Sam laughs too and captures one of Merry’s pieces. He places it on the rug beside the board.

‘You distracted me,’ Merry says to Frodo.

‘I can’t help that you’re bad,’ Frodo answers.

The snow is piled high outside the door of Bag End. It fills the gardens and softens the hills. It forces the moonlight brighter. It hides the shape of everything and makes the world a promise. Snow is stuck to the windows – grey and white against the dark blue of the night.

‘When’s your dad expecting you back?’ Merry asks Sam.

Merry’s pack is flung in the corner of the room. He’s staying at least the week, maybe longer. He has a room ready for him.

‘Ah, he’s not,’ Sam says. ‘They don’t wait up for me.’

‘Oh you are so grown up,’ Merry says.

‘And you’re a baby,’ Frodo teases Merry. ‘And a damn good footrest.’ He wiggles his toes.

‘Will you stop!’ Merry rolls onto his side. He shoves at Frodo, getting his feet off him, and then grins at Sam again. ‘Does your dad know he’s corrupting you?’

‘Ah...’ Sam says.

‘I’ll corrupt all of you,’ Frodo says. ‘Elves and dragons and golden hoards!’

‘No!’ Merry cries. ‘Anything but golden hoards!’ He drags Frodo off his chair and wrestles him on the floor. They punch at each other lightly, and Frodo kicks the game board. The pieces shift and fall out of place.

‘Sorry!’ Frodo says.

‘It’s fine.’ Merry laughs. ‘We’ll just say I won.’ He gathers the pieces together and dumps them in the drawer beneath the board.

‘We’ll say you were going to lose,’ Frodo says. ‘And terribly so!’

‘Oh you’d like that.’ Merry stands and brushes off his trousers. He goes to the wash room. ‘I’ll be back!’ he calls over his shoulder.
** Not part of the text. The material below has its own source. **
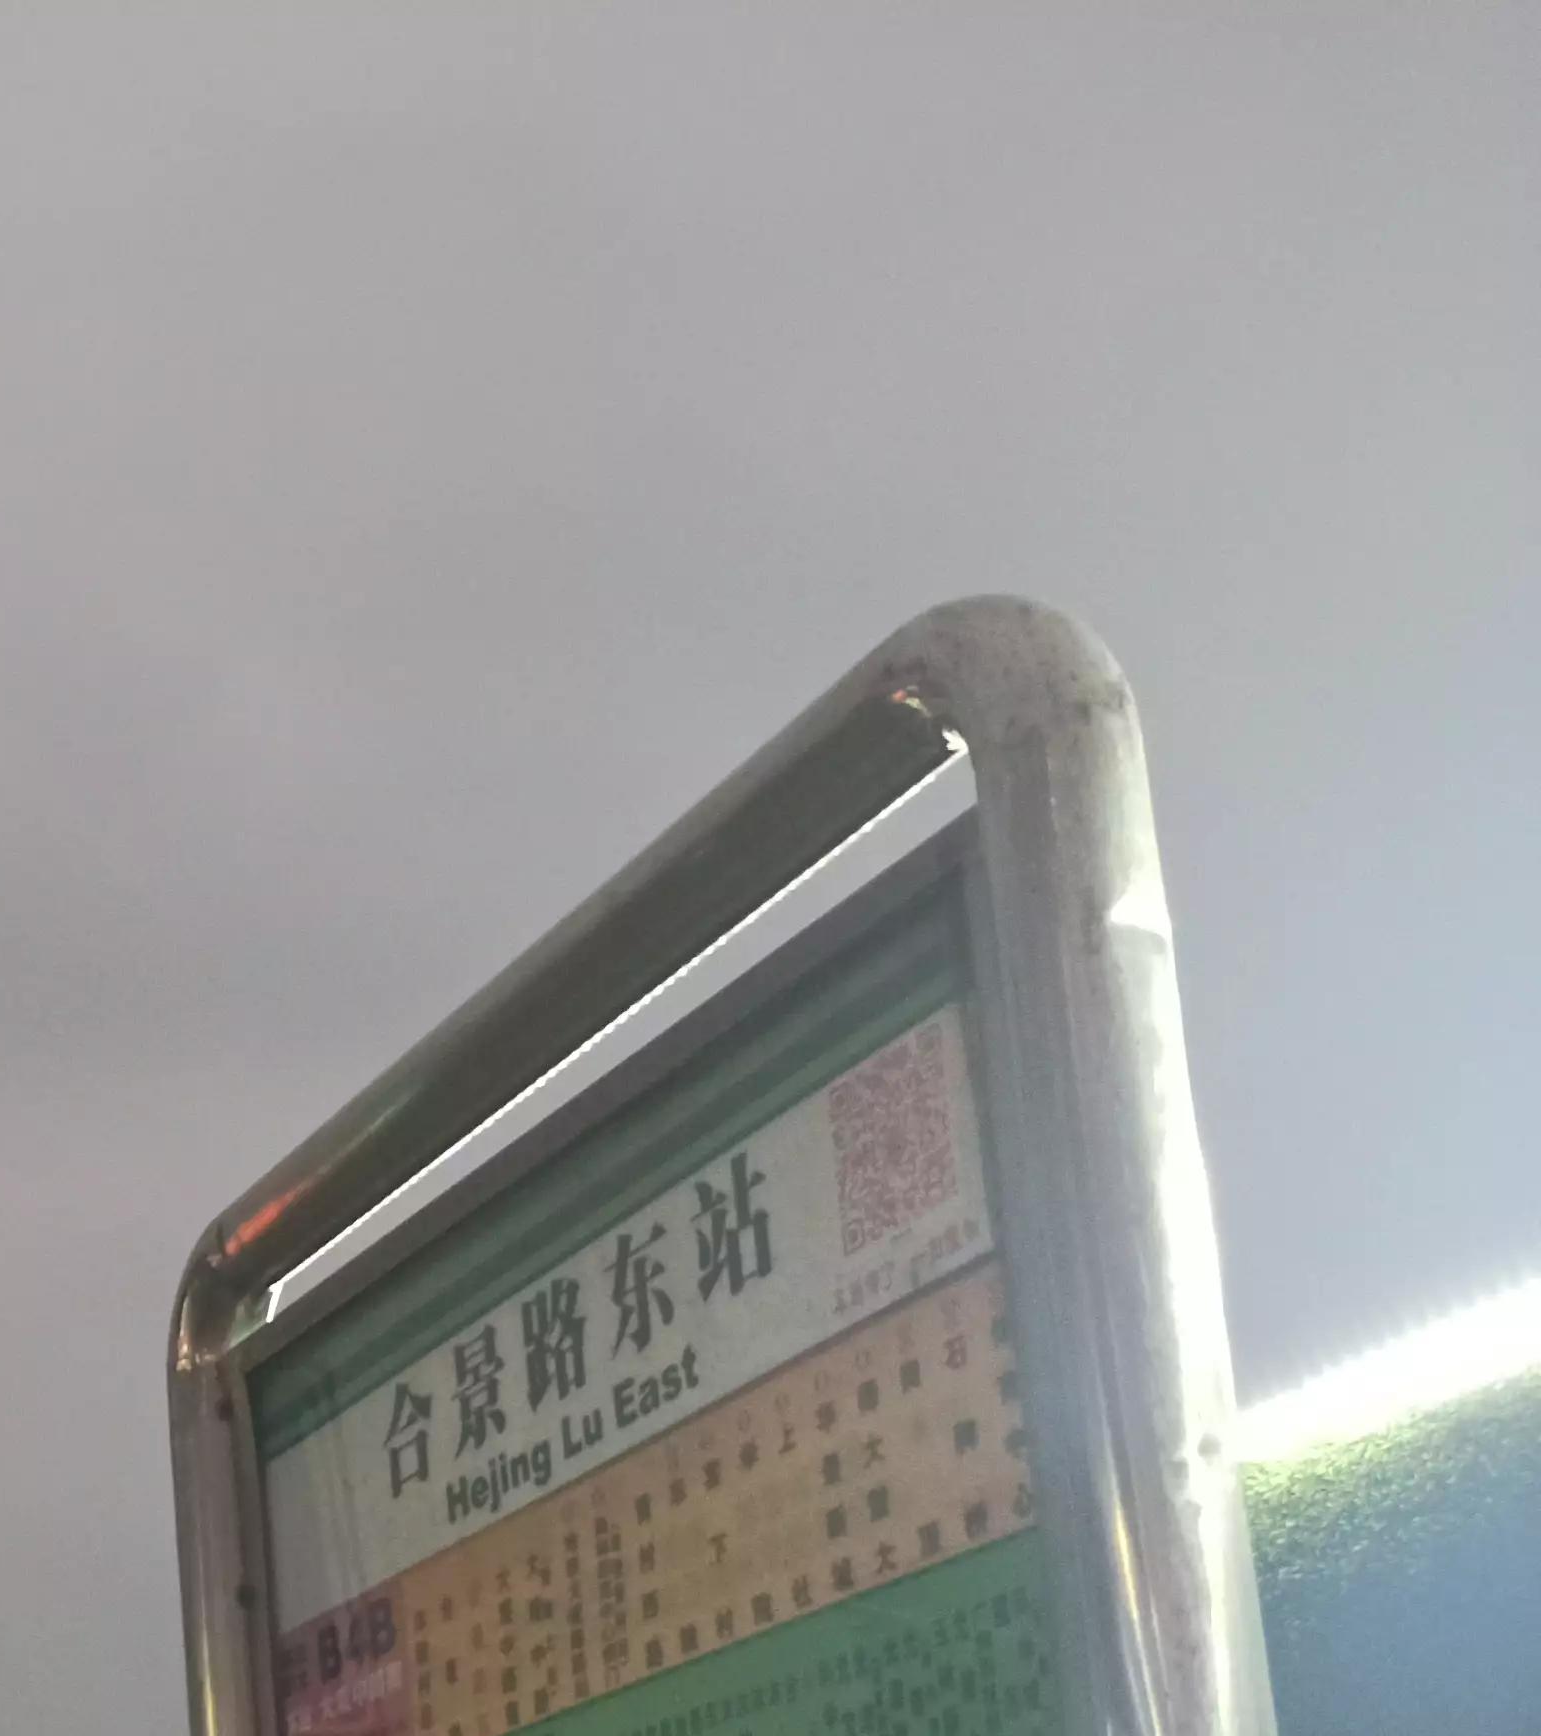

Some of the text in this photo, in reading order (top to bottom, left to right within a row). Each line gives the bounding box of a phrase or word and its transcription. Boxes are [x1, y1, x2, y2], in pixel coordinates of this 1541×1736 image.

[383, 1152, 774, 1499] 合景路东站
[445, 1342, 701, 1525] Hejing Lu East
‘Thanks for the warning,’ Frodo says.

‘He’s a lot,’ Sam says when Merry’s closed the door.

‘Mm,’ Frodo agrees. ‘He’s a lot like me, but I think I was worse. I don’t know how Bilbo put up with me.’

‘I’m sure you weren’t.’ Sam looks down at the empty board game. He traces his finger over the wood. ‘Does he know?’ He spreads his hand out across the board. ‘Does he know about us?’
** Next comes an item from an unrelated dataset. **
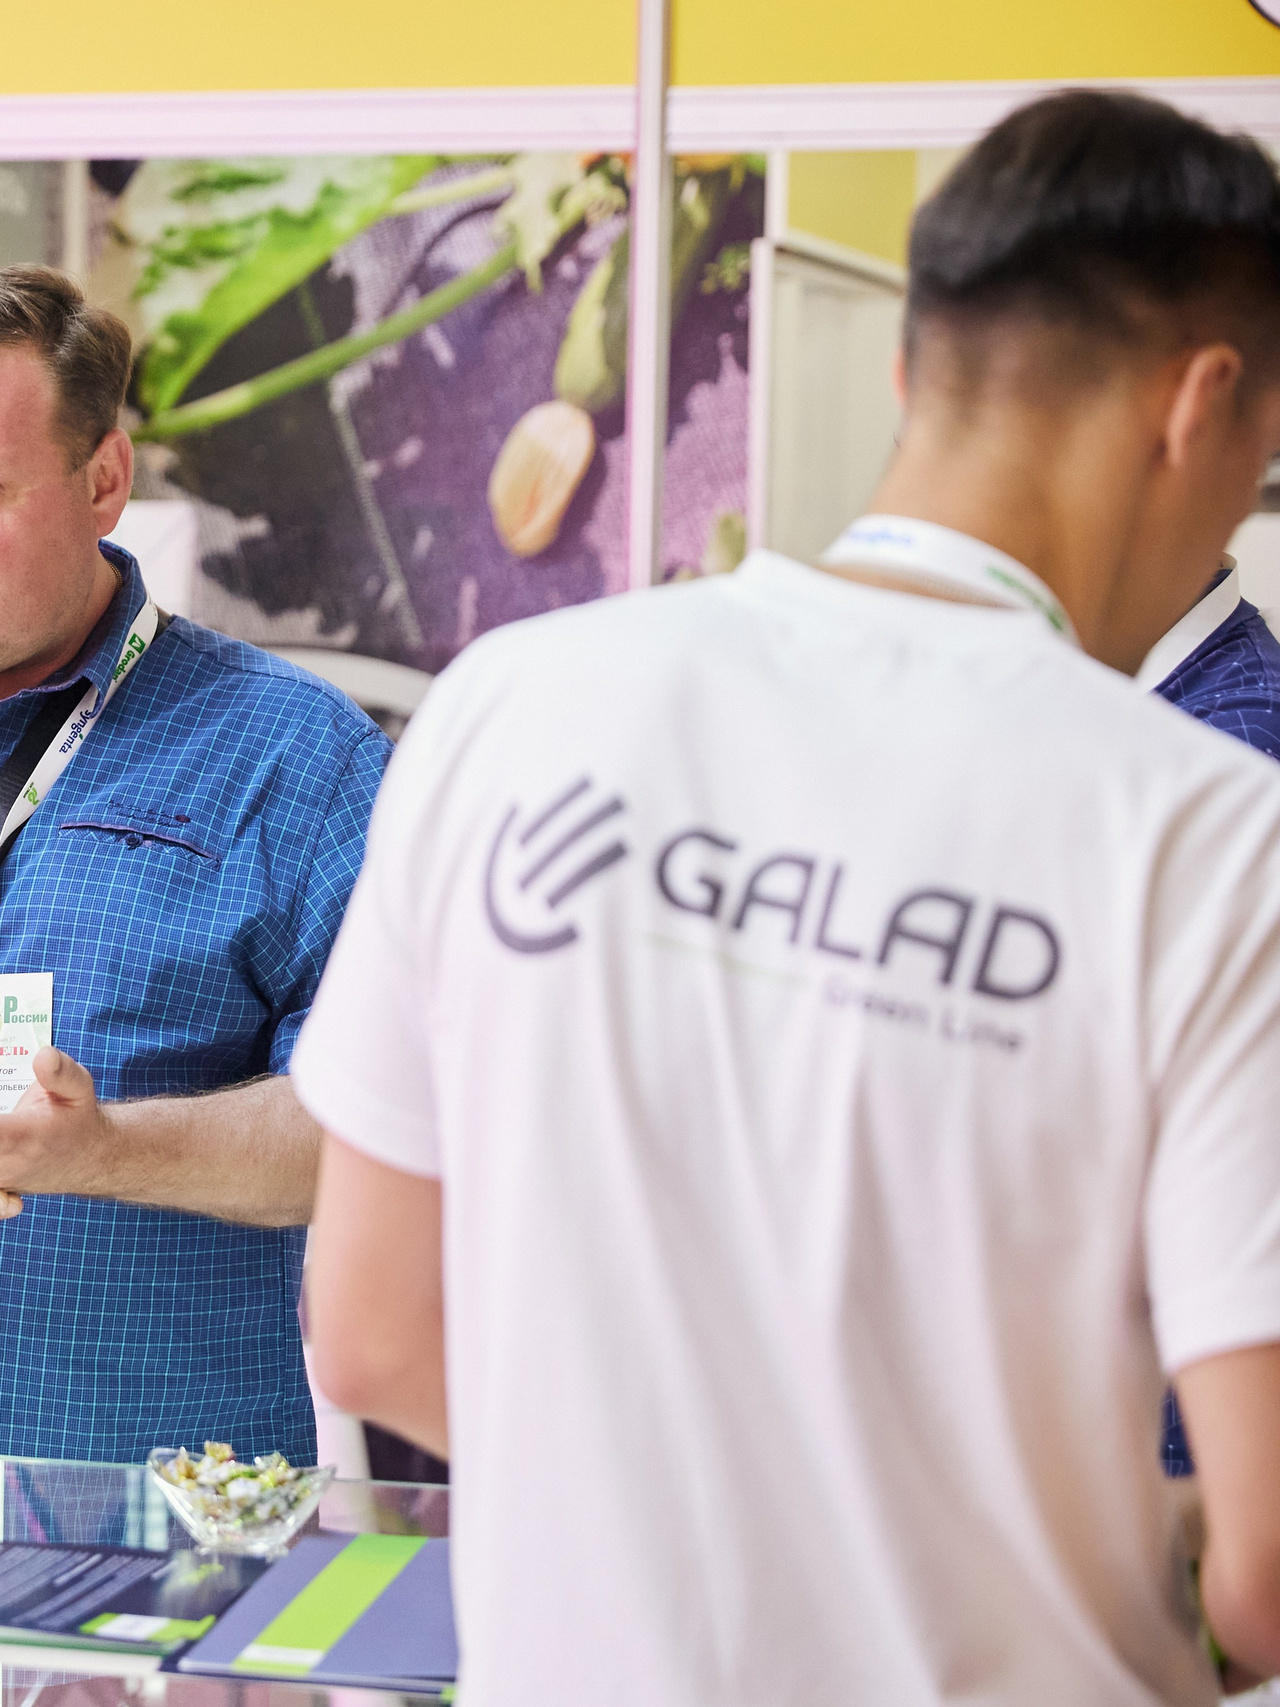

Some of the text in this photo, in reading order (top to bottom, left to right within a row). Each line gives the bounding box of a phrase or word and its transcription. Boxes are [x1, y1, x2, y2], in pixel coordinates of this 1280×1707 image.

‘No,’ Frodo says softly. ‘He’s my dearest friend, and I can’t bring myself to tell him.’

‘So no one knows.’

‘No one knows.’

The quiet is stronger now. Frodo doesn’t get up. He stays on the floor near his chair, running his thumb over the edge of his book. The page ends are staggered, and his thumb slips and catches on them.

Sam doesn’t move either. He keeps his head bent, his fingers curled around the edge of the board as if he’s about to lift it.

‘Will you ever tell him?’ Sam says finally.

Frodo can hear Merry washing his hands. ‘I don’t know. Maybe he’d understand. He’s my favourite cousin.’

Sam nods. ‘I should get home.’

‘You don’t have to,’ Frodo says quickly. ‘It’s really fine. You can stay and we’ll just talk, and you can play another game, and then I’ll play the winner, and...’

Sam stands. ‘Good night, Mr. Frodo.’

 


 

 

In the morning, Frodo makes pancakes and serves them with jam and syrup. Merry catches him up on family gossip over breakfast. He dumps globs of jam over his pancakes and smears them down with his fork.

Frodo listens, nodding along. The sun is bright white through the mist of the morning. It rises slowly over the sloping hills, through the narrow, naked trees.

‘Is there anything new with you?’ Merry asks.

‘I think I’ve fallen in love,’ Frodo murmurs, not looking away from the window.

‘Oh? Do tell.’

Frodo shakes his head. ‘No, it’s silly.’

‘Love’s always silly. Especially with you.’ Merry smiles. ‘Is it with a poem again? Or a particular patch of sunlight where you feel more alive than you’ve ever felt before?’ Merry clasps his hands over his heart. ‘The beauty of it all! The beauty!’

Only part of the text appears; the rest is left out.